### Saved entries
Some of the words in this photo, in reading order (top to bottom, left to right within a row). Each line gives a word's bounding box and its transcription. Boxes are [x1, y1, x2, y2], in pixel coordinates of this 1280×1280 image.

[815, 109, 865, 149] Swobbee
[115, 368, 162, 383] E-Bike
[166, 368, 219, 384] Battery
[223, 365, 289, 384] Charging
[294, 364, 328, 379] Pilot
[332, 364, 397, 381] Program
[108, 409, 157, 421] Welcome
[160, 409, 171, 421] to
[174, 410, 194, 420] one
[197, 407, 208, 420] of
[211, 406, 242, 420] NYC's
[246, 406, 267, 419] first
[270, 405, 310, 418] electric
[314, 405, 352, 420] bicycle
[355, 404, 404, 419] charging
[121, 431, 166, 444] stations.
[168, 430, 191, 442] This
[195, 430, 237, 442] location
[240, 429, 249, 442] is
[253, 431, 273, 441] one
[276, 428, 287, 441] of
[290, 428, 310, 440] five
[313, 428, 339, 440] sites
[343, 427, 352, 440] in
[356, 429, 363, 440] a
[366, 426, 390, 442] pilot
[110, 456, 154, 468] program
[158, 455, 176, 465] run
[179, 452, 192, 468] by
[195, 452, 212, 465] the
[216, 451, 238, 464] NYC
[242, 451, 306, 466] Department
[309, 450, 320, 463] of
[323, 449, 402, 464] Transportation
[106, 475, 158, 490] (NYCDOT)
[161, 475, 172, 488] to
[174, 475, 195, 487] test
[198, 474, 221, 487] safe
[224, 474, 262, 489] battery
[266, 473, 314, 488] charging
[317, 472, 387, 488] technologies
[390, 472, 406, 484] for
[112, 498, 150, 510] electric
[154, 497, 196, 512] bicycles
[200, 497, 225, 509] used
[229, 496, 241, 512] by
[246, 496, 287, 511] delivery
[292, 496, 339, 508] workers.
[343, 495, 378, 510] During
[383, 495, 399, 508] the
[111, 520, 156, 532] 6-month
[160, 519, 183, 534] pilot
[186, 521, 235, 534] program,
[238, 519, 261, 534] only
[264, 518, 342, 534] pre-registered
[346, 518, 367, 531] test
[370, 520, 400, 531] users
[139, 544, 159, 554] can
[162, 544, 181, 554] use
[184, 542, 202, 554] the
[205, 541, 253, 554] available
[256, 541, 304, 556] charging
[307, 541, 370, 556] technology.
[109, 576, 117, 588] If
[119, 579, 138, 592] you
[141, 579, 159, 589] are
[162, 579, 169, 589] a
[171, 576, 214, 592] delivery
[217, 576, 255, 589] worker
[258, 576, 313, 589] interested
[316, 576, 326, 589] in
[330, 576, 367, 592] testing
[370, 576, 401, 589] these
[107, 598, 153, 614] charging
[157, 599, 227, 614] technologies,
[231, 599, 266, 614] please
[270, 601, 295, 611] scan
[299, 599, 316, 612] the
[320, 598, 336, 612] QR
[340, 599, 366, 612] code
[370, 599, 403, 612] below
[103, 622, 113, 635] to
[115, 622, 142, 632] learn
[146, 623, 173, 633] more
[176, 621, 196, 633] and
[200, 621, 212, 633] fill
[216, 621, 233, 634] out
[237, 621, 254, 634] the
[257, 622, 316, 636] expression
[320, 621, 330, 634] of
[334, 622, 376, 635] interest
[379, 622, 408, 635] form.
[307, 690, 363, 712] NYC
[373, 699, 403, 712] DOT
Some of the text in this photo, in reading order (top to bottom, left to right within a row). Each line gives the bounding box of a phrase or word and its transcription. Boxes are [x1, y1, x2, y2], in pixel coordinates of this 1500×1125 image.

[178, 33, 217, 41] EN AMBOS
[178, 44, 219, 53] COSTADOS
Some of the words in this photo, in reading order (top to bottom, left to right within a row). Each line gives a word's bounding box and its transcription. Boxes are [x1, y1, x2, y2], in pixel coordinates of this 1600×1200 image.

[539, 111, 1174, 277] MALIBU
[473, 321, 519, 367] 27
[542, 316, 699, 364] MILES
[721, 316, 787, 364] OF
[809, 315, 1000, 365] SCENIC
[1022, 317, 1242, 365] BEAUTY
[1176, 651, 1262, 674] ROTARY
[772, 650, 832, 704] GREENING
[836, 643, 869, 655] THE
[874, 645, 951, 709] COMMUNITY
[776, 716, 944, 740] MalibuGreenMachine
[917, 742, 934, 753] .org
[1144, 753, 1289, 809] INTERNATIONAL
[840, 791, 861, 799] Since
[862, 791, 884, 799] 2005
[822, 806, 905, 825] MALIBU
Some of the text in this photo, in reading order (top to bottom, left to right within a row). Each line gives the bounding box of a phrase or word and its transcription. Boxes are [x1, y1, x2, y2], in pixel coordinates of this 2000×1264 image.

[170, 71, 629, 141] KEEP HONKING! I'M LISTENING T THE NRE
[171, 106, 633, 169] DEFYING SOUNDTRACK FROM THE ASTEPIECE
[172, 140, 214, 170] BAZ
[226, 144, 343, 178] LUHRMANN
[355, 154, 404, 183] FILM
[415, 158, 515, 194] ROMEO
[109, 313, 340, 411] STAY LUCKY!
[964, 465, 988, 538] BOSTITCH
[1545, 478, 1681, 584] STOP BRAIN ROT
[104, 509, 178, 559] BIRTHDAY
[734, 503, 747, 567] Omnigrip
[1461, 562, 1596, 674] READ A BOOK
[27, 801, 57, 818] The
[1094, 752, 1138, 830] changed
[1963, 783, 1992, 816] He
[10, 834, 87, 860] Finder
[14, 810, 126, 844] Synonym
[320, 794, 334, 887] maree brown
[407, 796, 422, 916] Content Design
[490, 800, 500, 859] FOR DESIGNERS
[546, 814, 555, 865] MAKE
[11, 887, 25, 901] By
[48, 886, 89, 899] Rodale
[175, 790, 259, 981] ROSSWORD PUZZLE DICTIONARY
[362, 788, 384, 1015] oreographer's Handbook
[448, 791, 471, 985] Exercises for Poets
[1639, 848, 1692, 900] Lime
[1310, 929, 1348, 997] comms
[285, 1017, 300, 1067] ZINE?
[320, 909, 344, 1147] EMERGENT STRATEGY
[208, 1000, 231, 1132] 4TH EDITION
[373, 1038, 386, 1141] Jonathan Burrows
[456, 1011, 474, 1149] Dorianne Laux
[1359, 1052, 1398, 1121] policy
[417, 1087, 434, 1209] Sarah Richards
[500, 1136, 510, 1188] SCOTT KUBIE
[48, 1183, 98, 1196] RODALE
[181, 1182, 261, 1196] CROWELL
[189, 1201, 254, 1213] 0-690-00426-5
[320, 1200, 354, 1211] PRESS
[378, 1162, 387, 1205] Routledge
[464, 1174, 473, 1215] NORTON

### WHAT THE TASK ASKS
Each record must be restated word for word, including the last line.

### RESPONSE AREA
Some of the words in this photo, in reading order (top to bottom, left to right within a row). Each line gives a word's bounding box and its transcription. Boxes are [x1, y1, x2, y2], in pixel coordinates of this 1280×1280 image.

[815, 109, 865, 149] Swobbee
[115, 368, 162, 383] E-Bike
[166, 368, 219, 384] Battery
[223, 365, 289, 384] Charging
[294, 364, 328, 379] Pilot
[332, 364, 397, 381] Program
[108, 409, 157, 421] Welcome
[160, 409, 171, 421] to
[174, 410, 194, 420] one
[197, 407, 208, 420] of
[211, 406, 242, 420] NYC's
[246, 406, 267, 419] first
[270, 405, 310, 418] electric
[314, 405, 352, 420] bicycle
[355, 404, 404, 419] charging
[121, 431, 166, 444] stations.
[168, 430, 191, 442] This
[195, 430, 237, 442] location
[240, 429, 249, 442] is
[253, 431, 273, 441] one
[276, 428, 287, 441] of
[290, 428, 310, 440] five
[313, 428, 339, 440] sites
[343, 427, 352, 440] in
[356, 429, 363, 440] a
[366, 426, 390, 442] pilot
[110, 456, 154, 468] program
[158, 455, 176, 465] run
[179, 452, 192, 468] by
[195, 452, 212, 465] the
[216, 451, 238, 464] NYC
[242, 451, 306, 466] Department
[309, 450, 320, 463] of
[323, 449, 402, 464] Transportation
[106, 475, 158, 490] (NYCDOT)
[161, 475, 172, 488] to
[174, 475, 195, 487] test
[198, 474, 221, 487] safe
[224, 474, 262, 489] battery
[266, 473, 314, 488] charging
[317, 472, 387, 488] technologies
[390, 472, 406, 484] for
[112, 498, 150, 510] electric
[154, 497, 196, 512] bicycles
[200, 497, 225, 509] used
[229, 496, 241, 512] by
[246, 496, 287, 511] delivery
[292, 496, 339, 508] workers.
[343, 495, 378, 510] During
[383, 495, 399, 508] the
[111, 520, 156, 532] 6-month
[160, 519, 183, 534] pilot
[186, 521, 235, 534] program,
[238, 519, 261, 534] only
[264, 518, 342, 534] pre-registered
[346, 518, 367, 531] test
[370, 520, 400, 531] users
[139, 544, 159, 554] can
[162, 544, 181, 554] use
[184, 542, 202, 554] the
[205, 541, 253, 554] available
[256, 541, 304, 556] charging
[307, 541, 370, 556] technology.
[109, 576, 117, 588] If
[119, 579, 138, 592] you
[141, 579, 159, 589] are
[162, 579, 169, 589] a
[171, 576, 214, 592] delivery
[217, 576, 255, 589] worker
[258, 576, 313, 589] interested
[316, 576, 326, 589] in
[330, 576, 367, 592] testing
[370, 576, 401, 589] these
[107, 598, 153, 614] charging
[157, 599, 227, 614] technologies,
[231, 599, 266, 614] please
[270, 601, 295, 611] scan
[299, 599, 316, 612] the
[320, 598, 336, 612] QR
[340, 599, 366, 612] code
[370, 599, 403, 612] below
[103, 622, 113, 635] to
[115, 622, 142, 632] learn
[146, 623, 173, 633] more
[176, 621, 196, 633] and
[200, 621, 212, 633] fill
[216, 621, 233, 634] out
[237, 621, 254, 634] the
[257, 622, 316, 636] expression
[320, 621, 330, 634] of
[334, 622, 376, 635] interest
[379, 622, 408, 635] form.
[307, 690, 363, 712] NYC
[373, 699, 403, 712] DOT
Some of the text in this photo, in reading order (top to bottom, left to right within a row). Each line gives the bounding box of a phrase or word and its transcription. Boxes are [x1, y1, x2, y2], in pixel coordinates of this 1500×1125 image.

[178, 33, 217, 41] EN AMBOS
[178, 44, 219, 53] COSTADOS
Some of the words in this photo, in reading order (top to bottom, left to right within a row). Each line gives a word's bounding box and its transcription. Boxes are [x1, y1, x2, y2], in pixel coordinates of this 1600×1200 image.

[539, 111, 1174, 277] MALIBU
[473, 321, 519, 367] 27
[542, 316, 699, 364] MILES
[721, 316, 787, 364] OF
[809, 315, 1000, 365] SCENIC
[1022, 317, 1242, 365] BEAUTY
[1176, 651, 1262, 674] ROTARY
[772, 650, 832, 704] GREENING
[836, 643, 869, 655] THE
[874, 645, 951, 709] COMMUNITY
[776, 716, 944, 740] MalibuGreenMachine
[917, 742, 934, 753] .org
[1144, 753, 1289, 809] INTERNATIONAL
[840, 791, 861, 799] Since
[862, 791, 884, 799] 2005
[822, 806, 905, 825] MALIBU
Some of the text in this photo, in reading order (top to bottom, left to right within a row). Each line gives the bounding box of a phrase or word and its transcription. Boxes are [x1, y1, x2, y2], in pixel coordinates of this 2000×1264 image.

[170, 71, 629, 141] KEEP HONKING! I'M LISTENING T THE NRE
[171, 106, 633, 169] DEFYING SOUNDTRACK FROM THE ASTEPIECE
[172, 140, 214, 170] BAZ
[226, 144, 343, 178] LUHRMANN
[355, 154, 404, 183] FILM
[415, 158, 515, 194] ROMEO
[109, 313, 340, 411] STAY LUCKY!
[964, 465, 988, 538] BOSTITCH
[1545, 478, 1681, 584] STOP BRAIN ROT
[104, 509, 178, 559] BIRTHDAY
[734, 503, 747, 567] Omnigrip
[1461, 562, 1596, 674] READ A BOOK
[27, 801, 57, 818] The
[1094, 752, 1138, 830] changed
[1963, 783, 1992, 816] He
[10, 834, 87, 860] Finder
[14, 810, 126, 844] Synonym
[320, 794, 334, 887] maree brown
[407, 796, 422, 916] Content Design
[490, 800, 500, 859] FOR DESIGNERS
[546, 814, 555, 865] MAKE
[11, 887, 25, 901] By
[48, 886, 89, 899] Rodale
[175, 790, 259, 981] ROSSWORD PUZZLE DICTIONARY
[362, 788, 384, 1015] oreographer's Handbook
[448, 791, 471, 985] Exercises for Poets
[1639, 848, 1692, 900] Lime
[1310, 929, 1348, 997] comms
[285, 1017, 300, 1067] ZINE?
[320, 909, 344, 1147] EMERGENT STRATEGY
[208, 1000, 231, 1132] 4TH EDITION
[373, 1038, 386, 1141] Jonathan Burrows
[456, 1011, 474, 1149] Dorianne Laux
[1359, 1052, 1398, 1121] policy
[417, 1087, 434, 1209] Sarah Richards
[500, 1136, 510, 1188] SCOTT KUBIE
[48, 1183, 98, 1196] RODALE
[181, 1182, 261, 1196] CROWELL
[189, 1201, 254, 1213] 0-690-00426-5
[320, 1200, 354, 1211] PRESS
[378, 1162, 387, 1205] Routledge
[464, 1174, 473, 1215] NORTON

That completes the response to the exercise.